Records for this exercise =>
*** Begin section ***
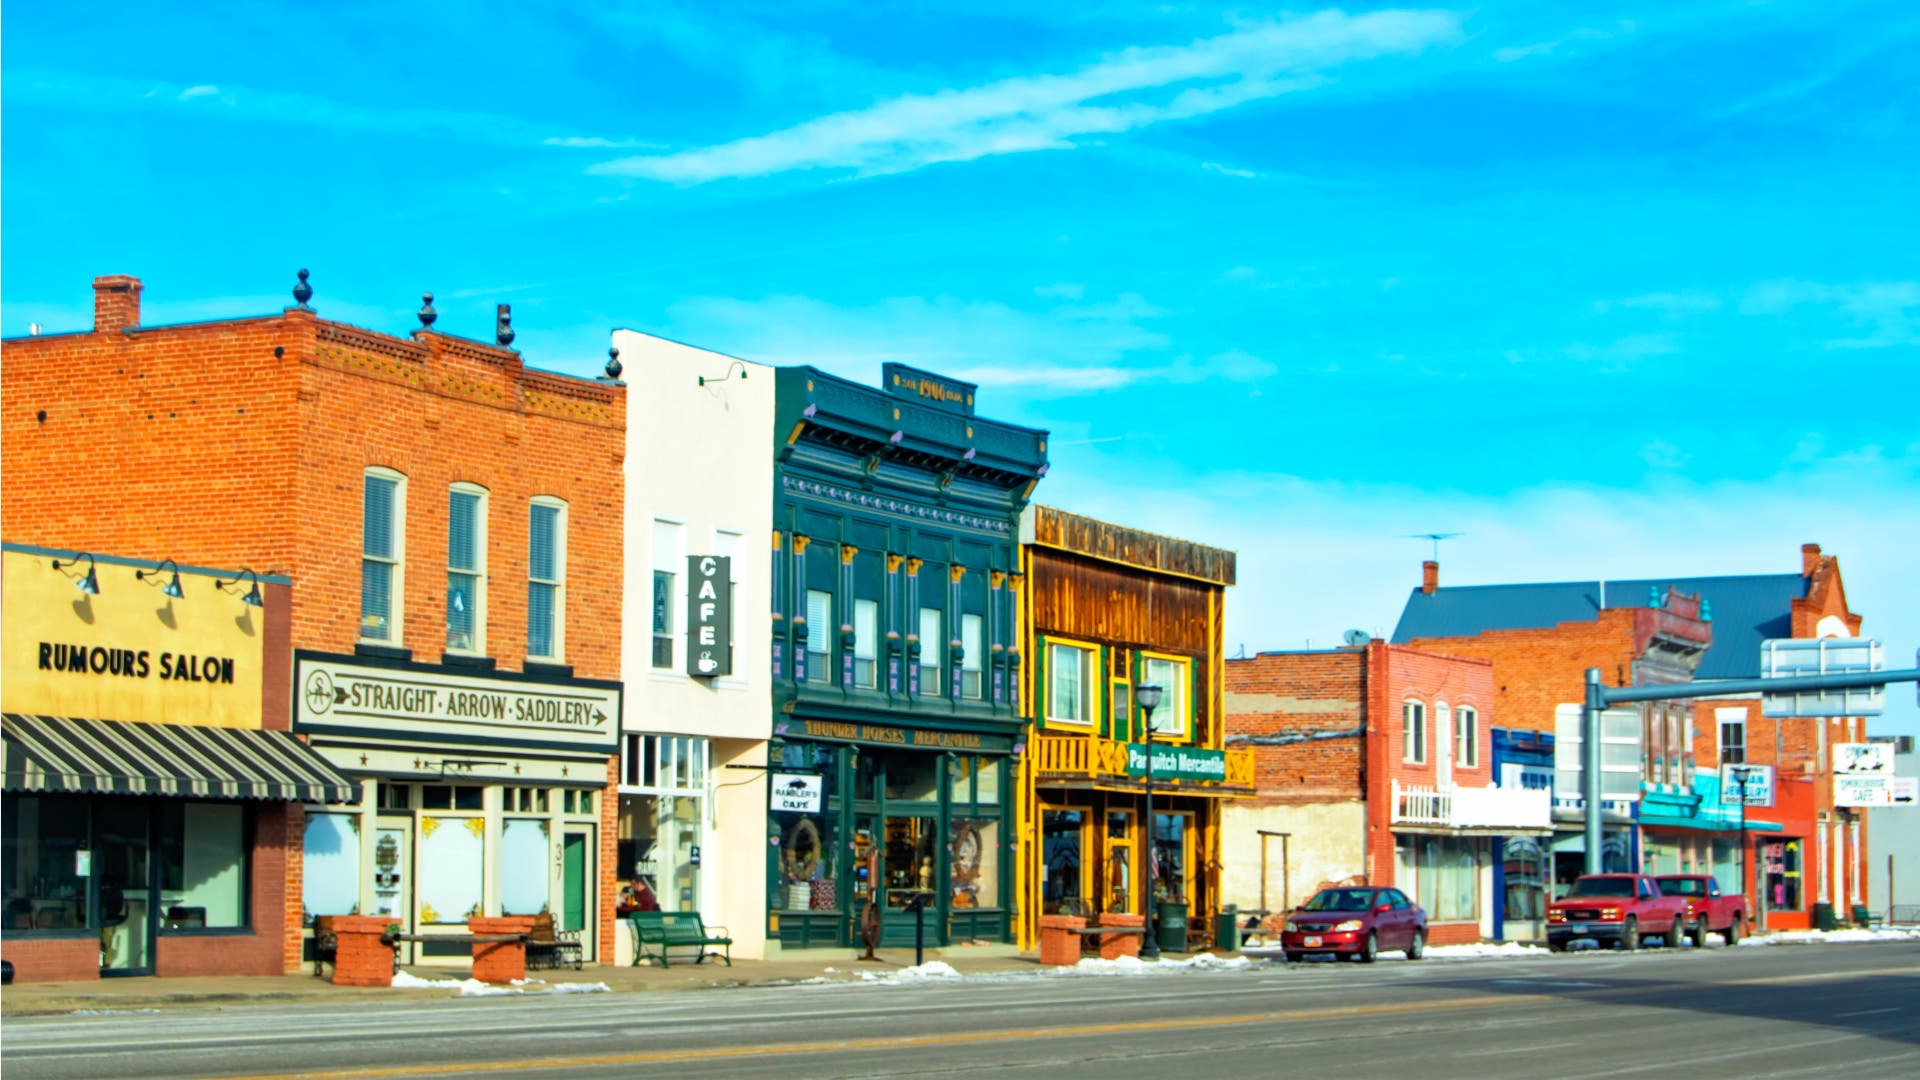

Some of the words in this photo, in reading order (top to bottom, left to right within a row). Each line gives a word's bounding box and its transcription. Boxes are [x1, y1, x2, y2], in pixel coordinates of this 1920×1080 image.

[698, 557, 717, 645] CAFE
[39, 642, 149, 678] RUMOURS
[160, 652, 234, 684] SALON
[351, 682, 437, 714] STRAIGHT
[447, 692, 507, 720] ARROW
[515, 697, 593, 726] SADDLERY
[806, 721, 857, 739] THUNDER
[914, 731, 979, 747] MERCANTILE
[1178, 753, 1224, 774] Mercantile
[775, 789, 817, 798] RAMBLER'S
*** End section ***
Only the records are wanted, copied exactly, with the pictures dropped.

Some of the words in this photo, in reading order (top to bottom, left to right within a row). Each line gives a word's bounding box and its transcription. Boxes are [x1, y1, x2, y2], in pixel coordinates of this 1920×1080 image.

[698, 557, 717, 645] CAFE
[39, 642, 149, 678] RUMOURS
[160, 652, 234, 684] SALON
[351, 682, 437, 714] STRAIGHT
[447, 692, 507, 720] ARROW
[515, 697, 593, 726] SADDLERY
[806, 721, 857, 739] THUNDER
[914, 731, 979, 747] MERCANTILE
[1178, 753, 1224, 774] Mercantile
[775, 789, 817, 798] RAMBLER'S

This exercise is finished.